Very long time friend Hazel emailed to say her great pleasure last week, and indeed throughout the first lockdown as well, was playing online bridge with her pals and enjoying much laughter over FaceTime & WhatsApp at the same time. Not so funny was putting her back out unloading her Sainsbury’s delivery a day later though I suspect the crates of bottles were heavier than she thought. Her evening pleasure came from seeing her son Oli, his wife Katie, their son William for Halloween and ‘for hearing night-time rutting in the nearby woods’. The mind is quietly boggling.

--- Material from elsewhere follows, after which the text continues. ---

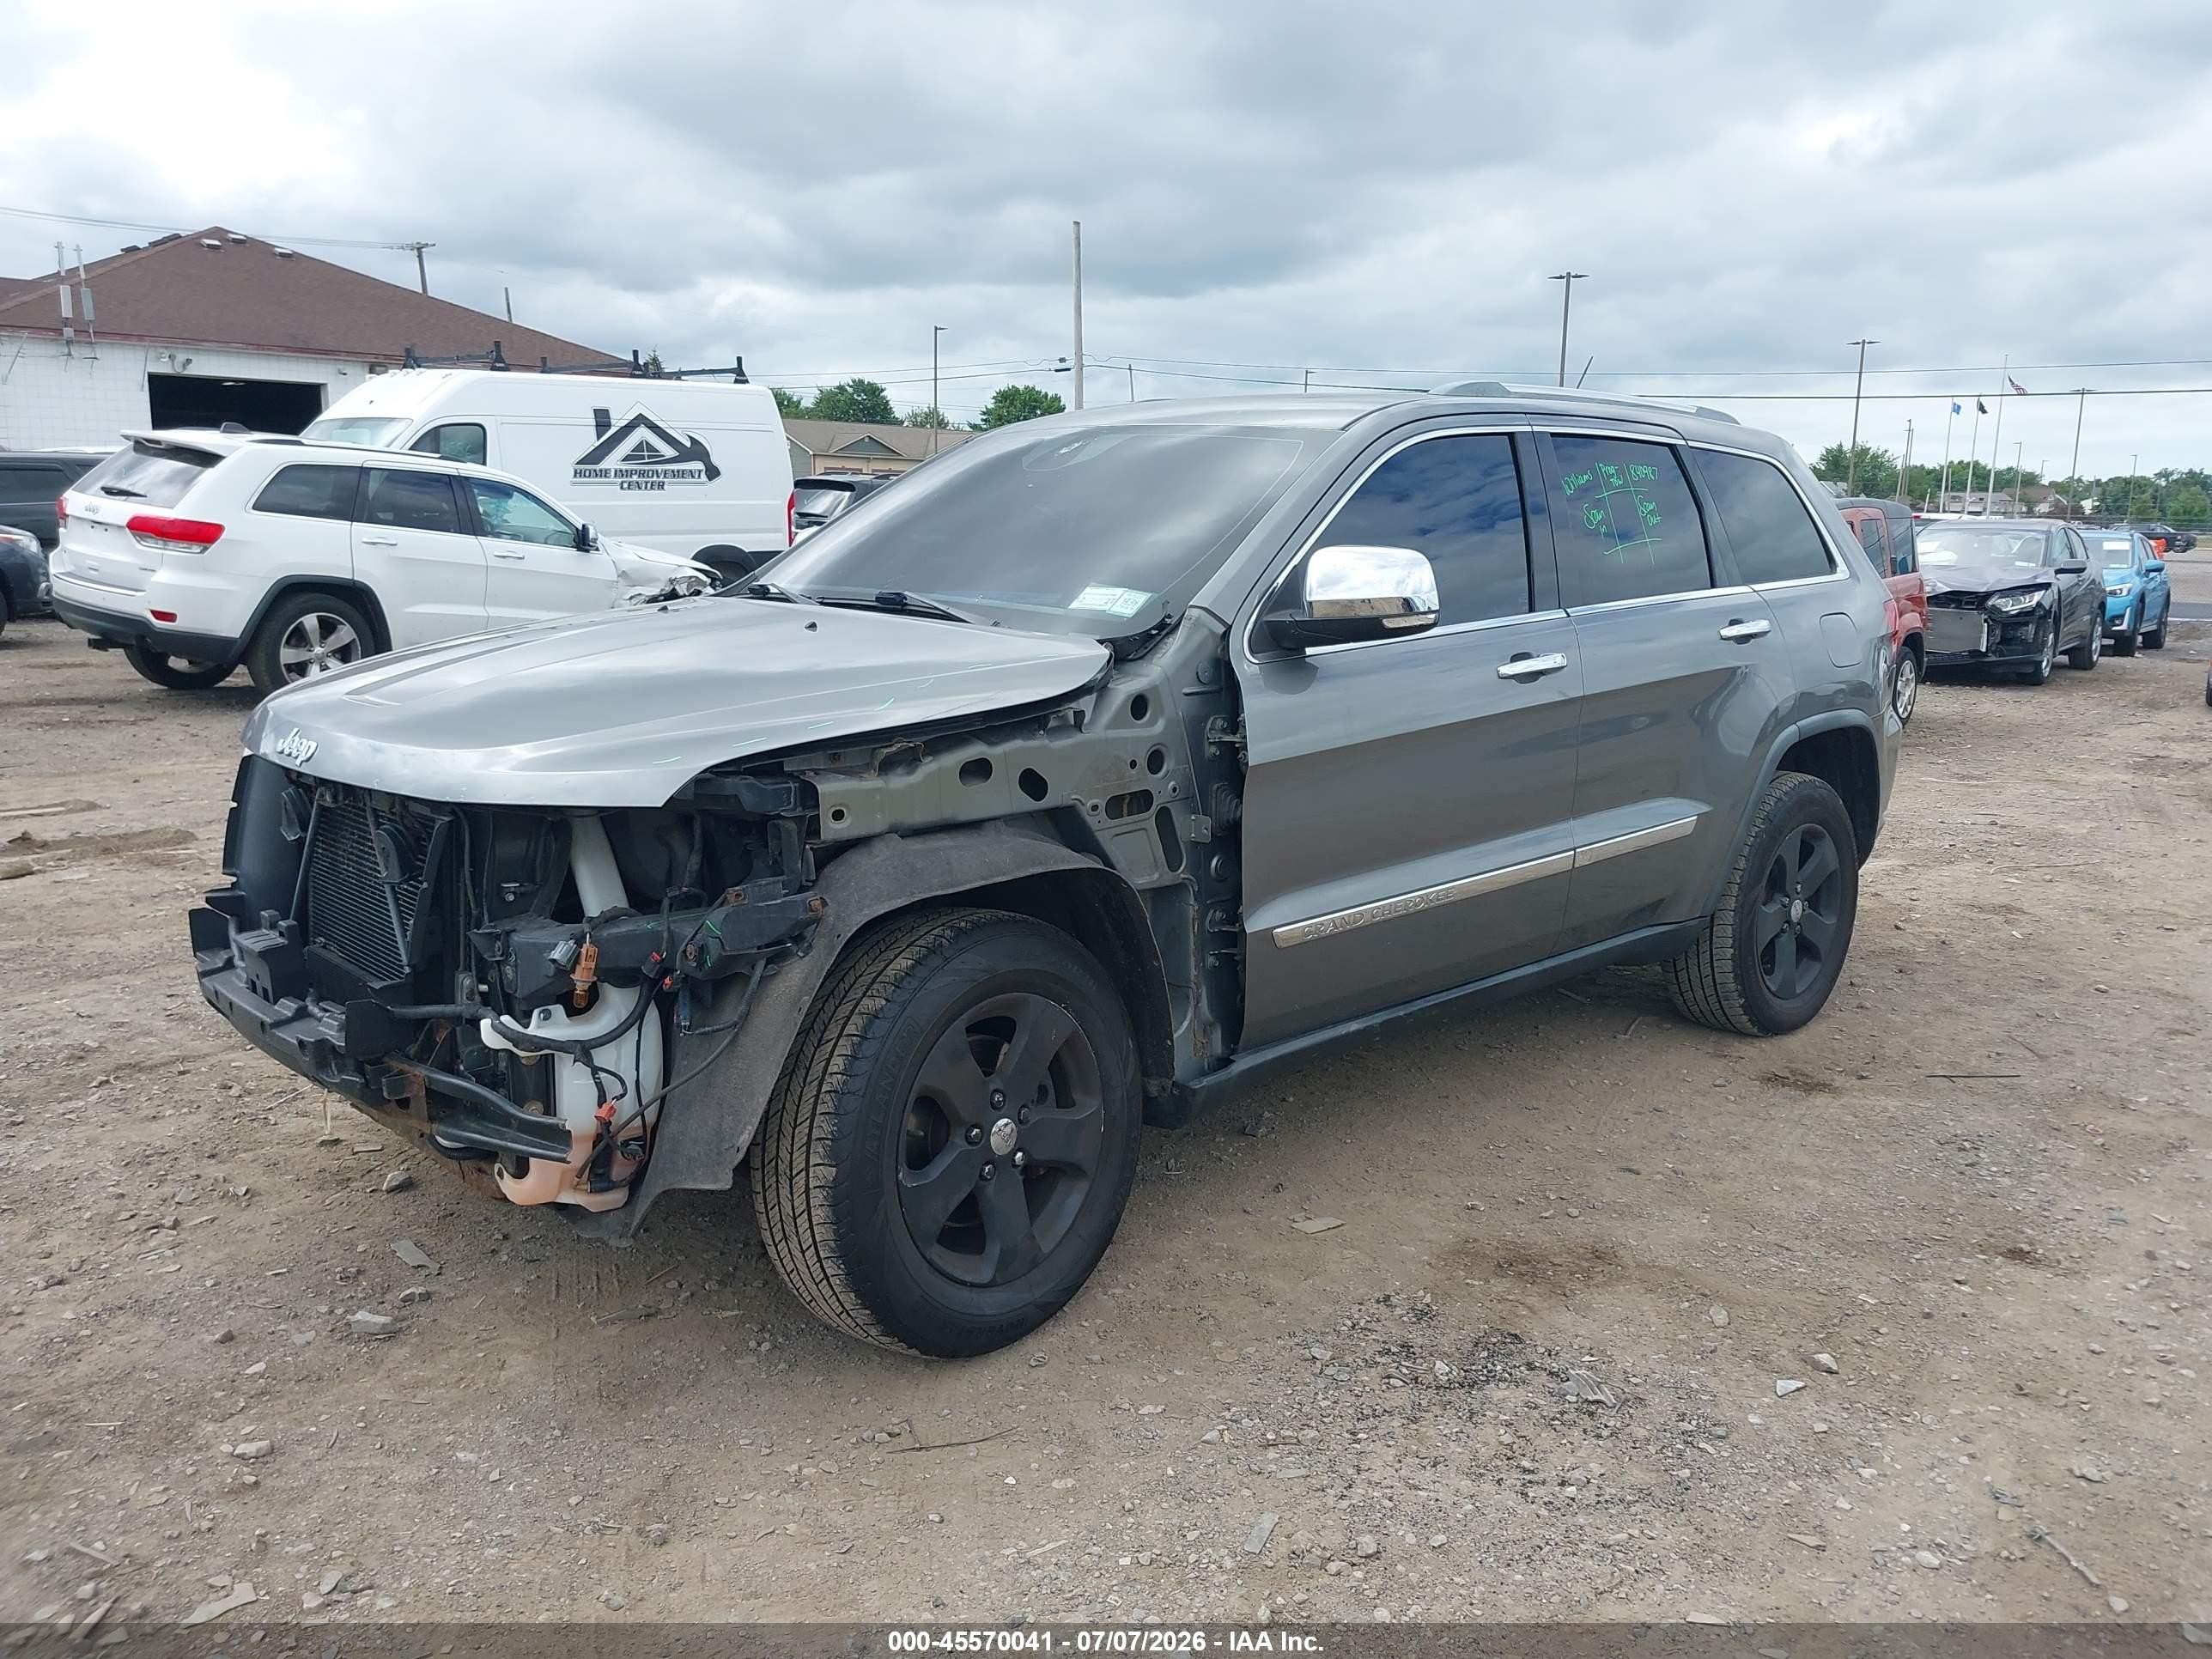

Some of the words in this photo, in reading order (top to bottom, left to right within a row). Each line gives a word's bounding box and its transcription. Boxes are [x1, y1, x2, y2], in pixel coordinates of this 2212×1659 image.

Bay, Sophie’s daughter, has a mind that is clearly unboggled. Here’s her contribution to the world of learning, telling us that an algorithm is a set of instructions:
Rosie’s sister Pippi rang to say she’s derived immense pleasure from being able to get into the garden after all the recent rain and just potter about planting bulbs, bagging up leaves, mixing rotted leaf mould with wood ash to spread on her beds and spotting all the different fungi that are popping up everywhere. And, she said, especial pleasure from receiving her jungle monkeys print from Gemma. But as you’ve seen the monkeys before, here’s another of Gem’s bonkers but brilliant lino prints:
As for Rosie and me, we both got pleasure from the garden as well. Rosie decided a while ago that we needed to terrace one of the beds in front of the house so we lined up a local flint specialist Richard Bartlett to build a wall. To make The Long House great again. Here’s the living proof, from start to finish:
And I have more or less completed the daunting task of replacing the veg garden’s ten raised beds. All that remains is to top the beds up with compost and remove the debris of rotting wood to the top of the garden to make a wildlife hotel for bugs, insects, beetles and anything else that cares to take up residence.
All of which goes to show that pleasure comes from the simplest of things. A shaft of sunlight from behind a cloud, the smell of baking bread, muddling about in the garden. Or just hoodwinking your parents. Especially that.